GIVEN INFORMATION below:

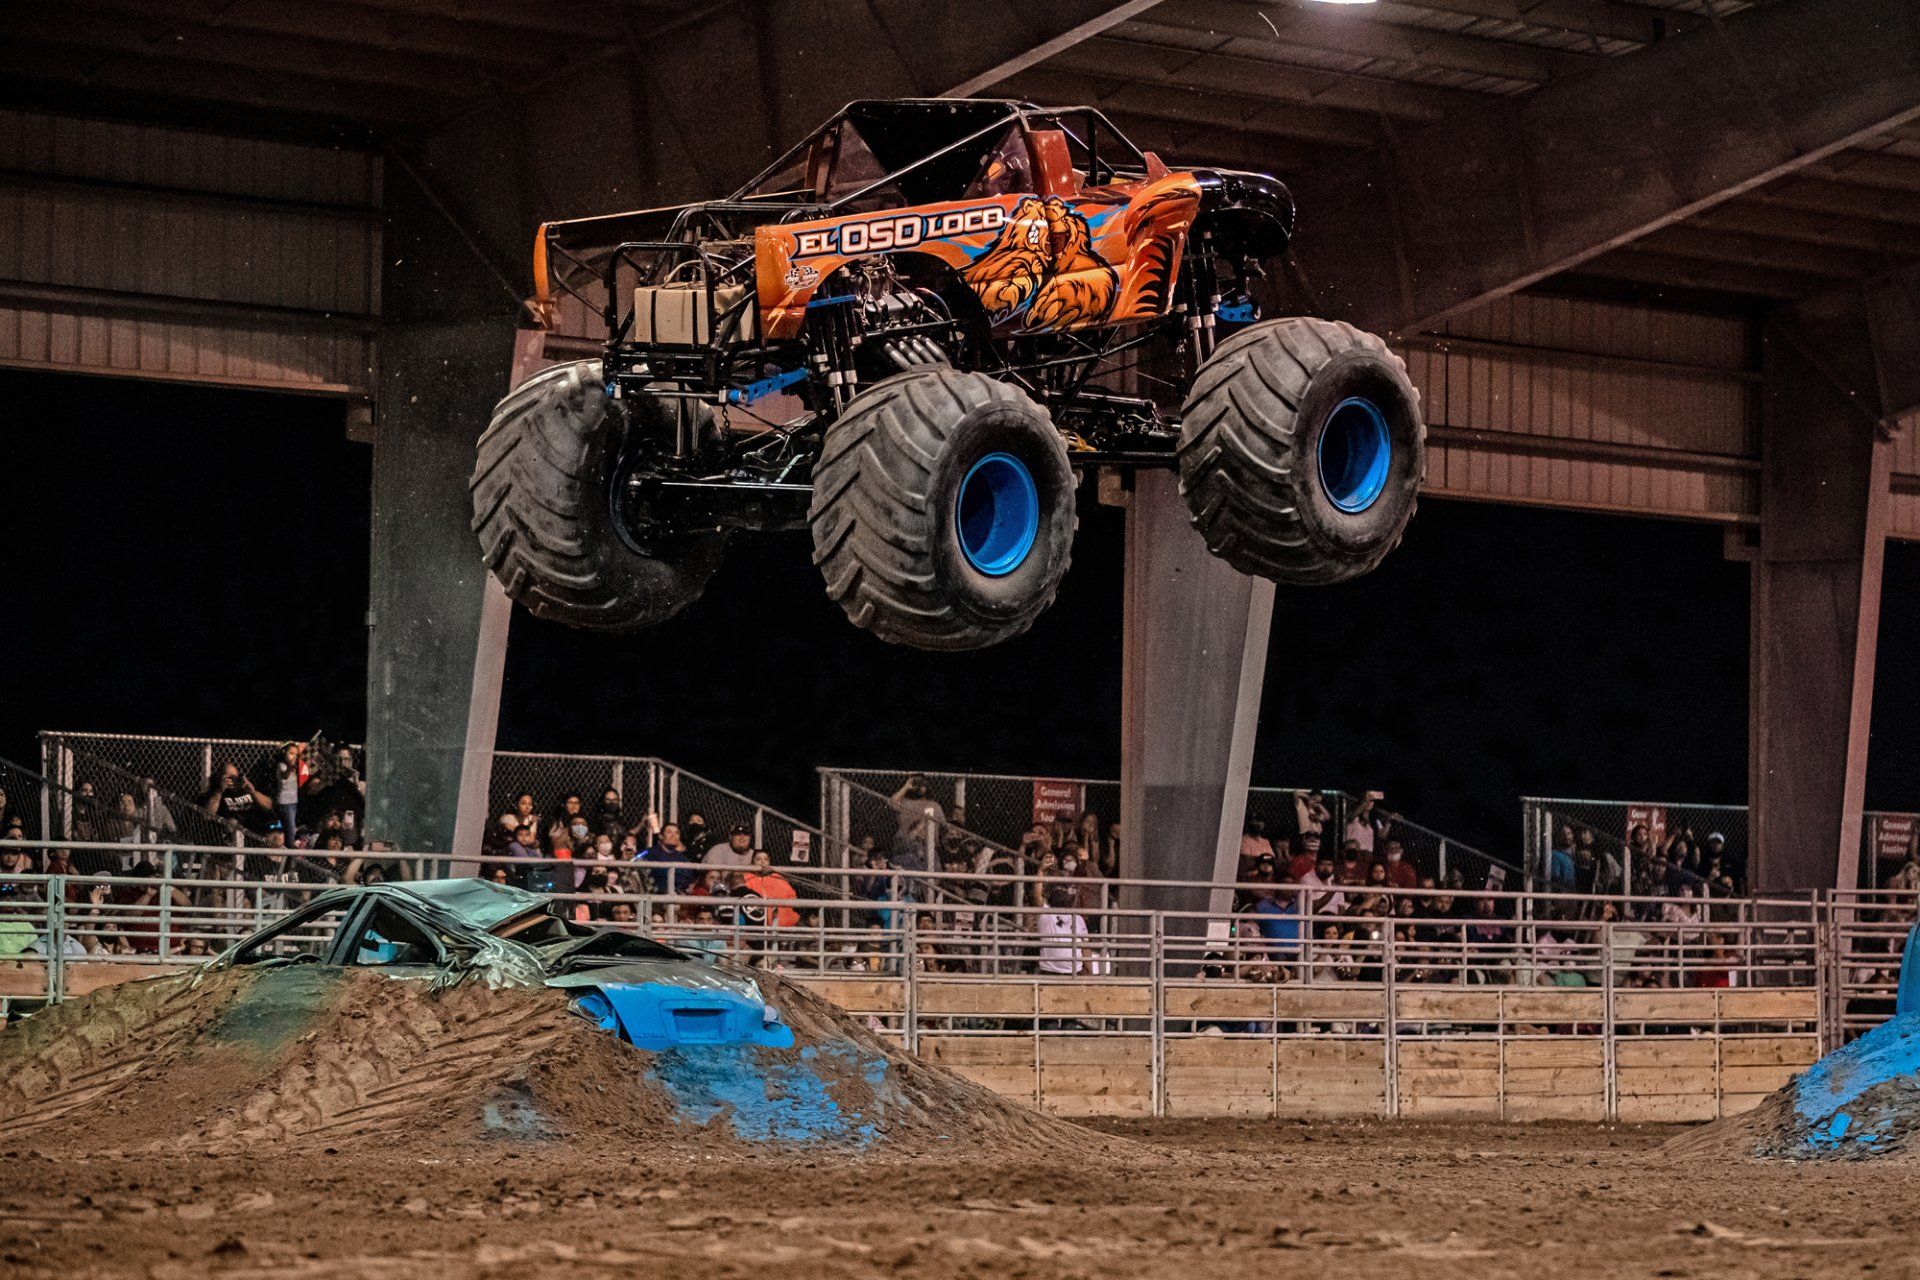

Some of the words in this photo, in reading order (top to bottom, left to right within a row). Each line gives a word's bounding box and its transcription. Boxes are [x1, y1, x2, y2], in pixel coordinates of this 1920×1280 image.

[798, 230, 838, 256] EL
[841, 215, 922, 255] OSO
[926, 206, 1004, 239] LOCO
[1040, 786, 1072, 798] General
[1036, 799, 1075, 811] Admission
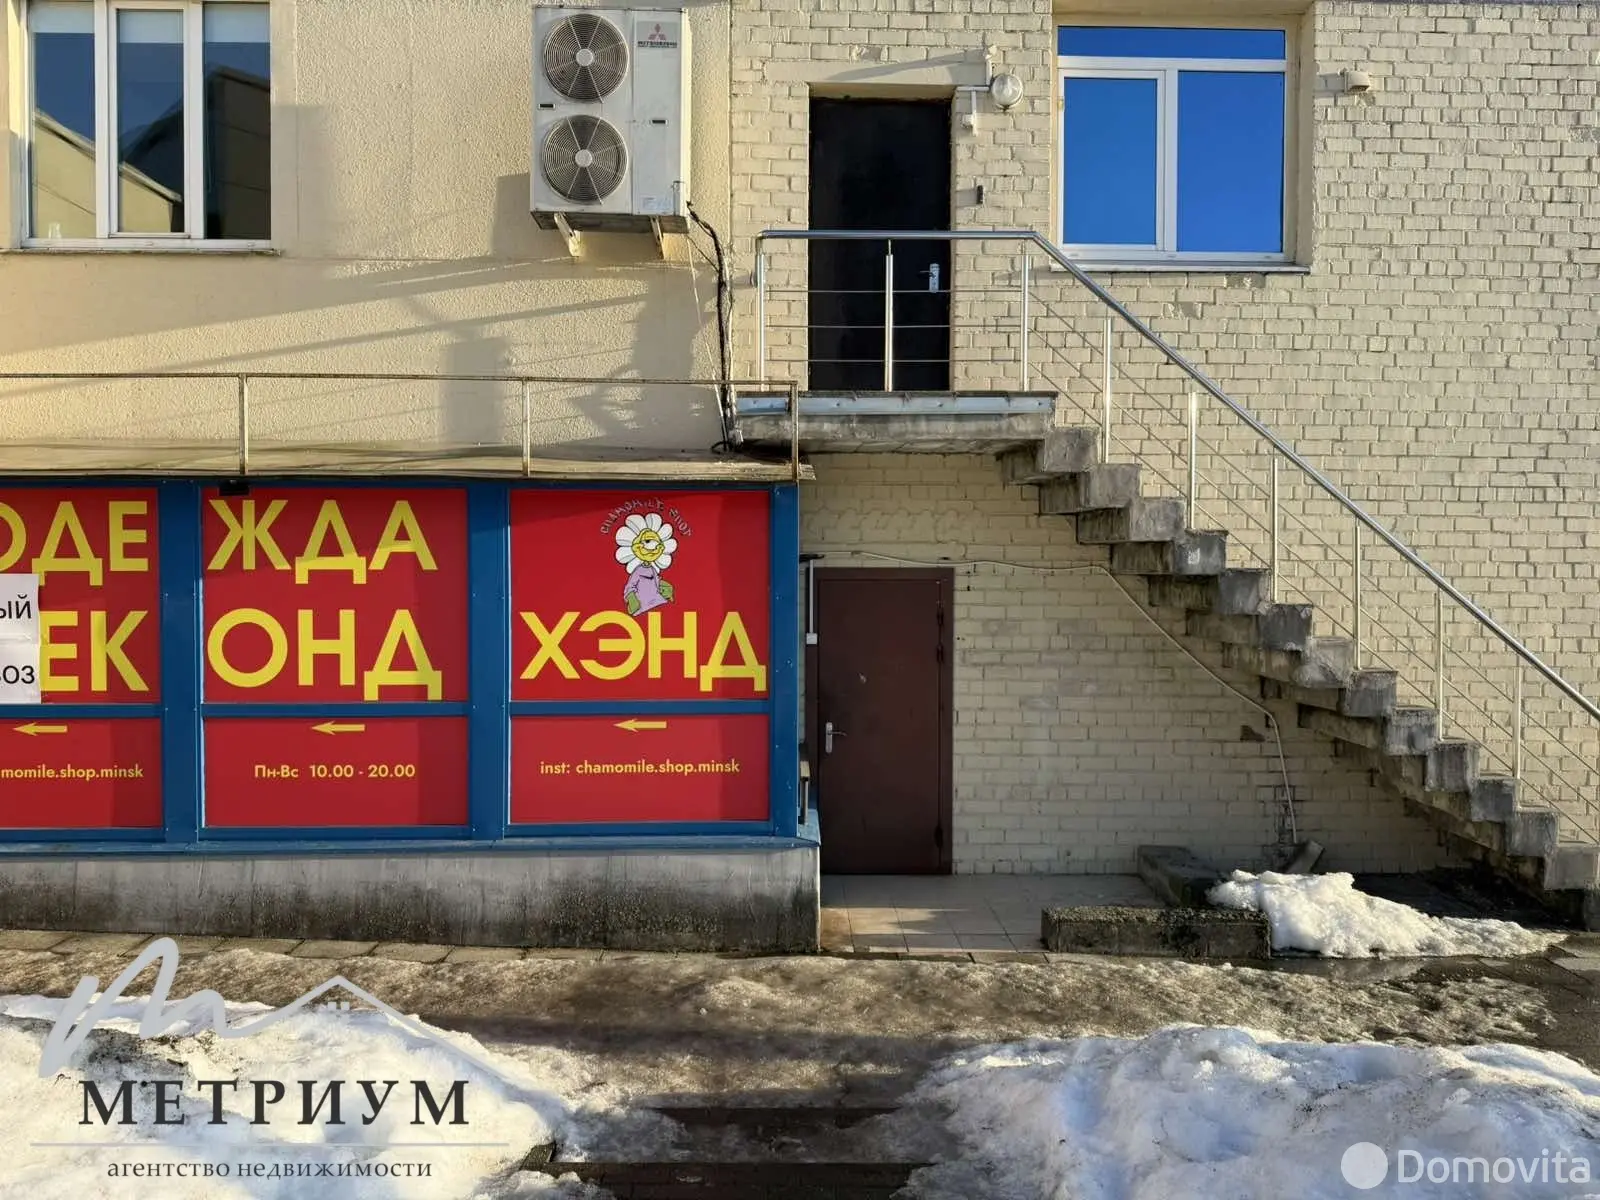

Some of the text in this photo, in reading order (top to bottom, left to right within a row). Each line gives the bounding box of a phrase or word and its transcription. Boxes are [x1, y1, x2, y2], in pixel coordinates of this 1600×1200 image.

[207, 500, 438, 584] ЖДА
[207, 607, 442, 701] ОНД
[519, 610, 767, 692] ХЭНД
[0, 763, 143, 781] momile.shop.minsk
[254, 764, 299, 778] Пн-Вс
[309, 764, 354, 778] 10.00
[367, 764, 416, 778] 20.00
[540, 758, 740, 776] inst: chamomile.shop.minsk

End of GIVEN INFORMATION.

→ **EXERCISE BRIEF**
The data is to be printed again exactly, but without its pictures.

→ **EXPECTED ANSWER**
Some of the words in this photo, in reading order (top to bottom, left to right within a row). Each line gives a word's bounding box and its transcription. Boxes are [x1, y1, x2, y2], in pixel coordinates of this 1920×1280 image.

[798, 230, 838, 256] EL
[841, 215, 922, 255] OSO
[926, 206, 1004, 239] LOCO
[1040, 786, 1072, 798] General
[1036, 799, 1075, 811] Admission

Some of the text in this photo, in reading order (top to bottom, left to right within a row). Each line gives the bounding box of a phrase or word and its transcription. Boxes are [x1, y1, x2, y2], in pixel coordinates of this 1600×1200 image.

[207, 500, 438, 584] ЖДА
[207, 607, 442, 701] ОНД
[519, 610, 767, 692] ХЭНД
[0, 763, 143, 781] momile.shop.minsk
[254, 764, 299, 778] Пн-Вс
[309, 764, 354, 778] 10.00
[367, 764, 416, 778] 20.00
[540, 758, 740, 776] inst: chamomile.shop.minsk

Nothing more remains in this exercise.